My Name is Inder Singh (CCIE DC#42970). I am currently based in Bangalore and associated with an IT consulting company as a DC Architect. I have started this blog to help CCIE DC aspirants become experts in Cisco DC technologies by sharing my knowledge and 10 years of  experience in the industry.

After passing the CCIE DC lab exam in March 2014, I realized that the amount of hard-work I had put into preparing for it yielded good results. Not only did I become CCIE DC Certified but also took on the new role  DC design architect.

My CCIE Journey started way back in 2010 when I was preparing for the CCIE Routing and Switching exam. For that, I needed a qualified CCIE Certified instructor, so I googled to find out institutes providing CCIE Training. Unfortunately, the institutes I found and visited thereafter disappointed me, because during the demo class they could not answer simple questions such as…What is the destination address in BPDUs? What is RD and RT? How scalable are OSPF and  EIGRP protocols?  None of the instructors were convincing. I visited almost all the institutes with no luck.
Fortunately a friend of mine referred me to a CCIE R&S certified instructor from whom he had taken training and went onto become CCIE certified. So after meeting the instructor I instantly realized that this was the right person I was looking for! Under his guidance I studied/prepared for about 1.5 years. I covered all the topics and did loads of hands-on work but unfortunately I failed in CCIE R&S on 16 Dec 2012. It was a big setback for me as I passed troubleshooting section but fell short of 15 marks in the configuration exam. I wanted to give it another try but then I realized that I have already got good control over it and should try to learn some other technology. I decided to contact my CCIE R&S instructor and he advised me to go for CCIE DC, since he was also planning to go for it. We decided to include two more people and soon become a gang of four, all wanting to do CCIE DC.
 After forming the study group, we divided the entire course into four parts :

- Nexus
- UCS
- Storage
- Virtualization and N1000v

 We met every weekend from March 2013 to Oct 2014 for theory and Nov 2013 to March 2014 for Lab practice. Preparing for such a long time was not easy but the motivation to learn the technology kept all of us going. Eventually on 24th of March I successfully passed the exam!

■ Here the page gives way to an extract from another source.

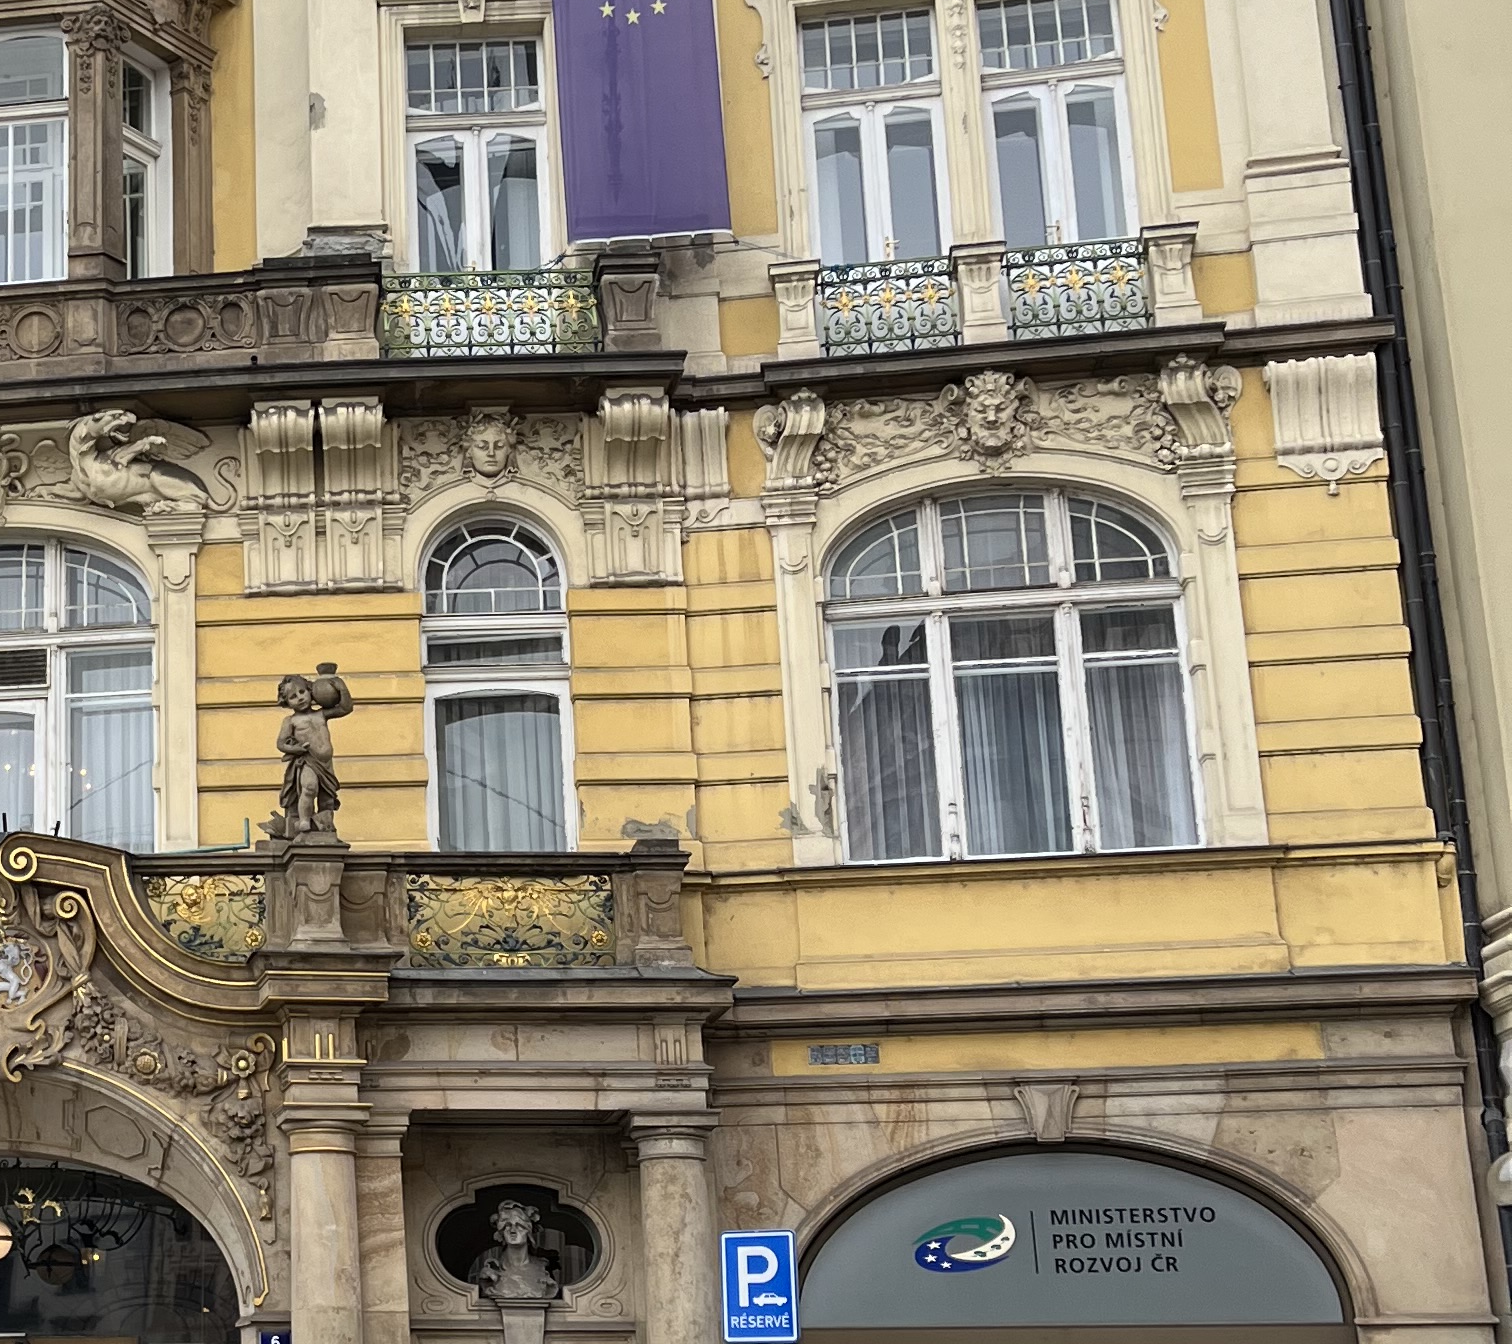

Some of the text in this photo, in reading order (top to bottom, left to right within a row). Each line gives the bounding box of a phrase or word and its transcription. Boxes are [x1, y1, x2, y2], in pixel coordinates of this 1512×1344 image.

My message to CCIE DC aspirants is to work hard and to dive deeply into all aspects of the DC technologies. I studied for at least 600 hours. So there is no short/easy way to pass CCIE DC. Once you have control over all the technologies (nexus, storage, ucs and virtualization), then do your lab practice and sit the exam. But don’t forget, you need to religiously study for at least 5 hours every day.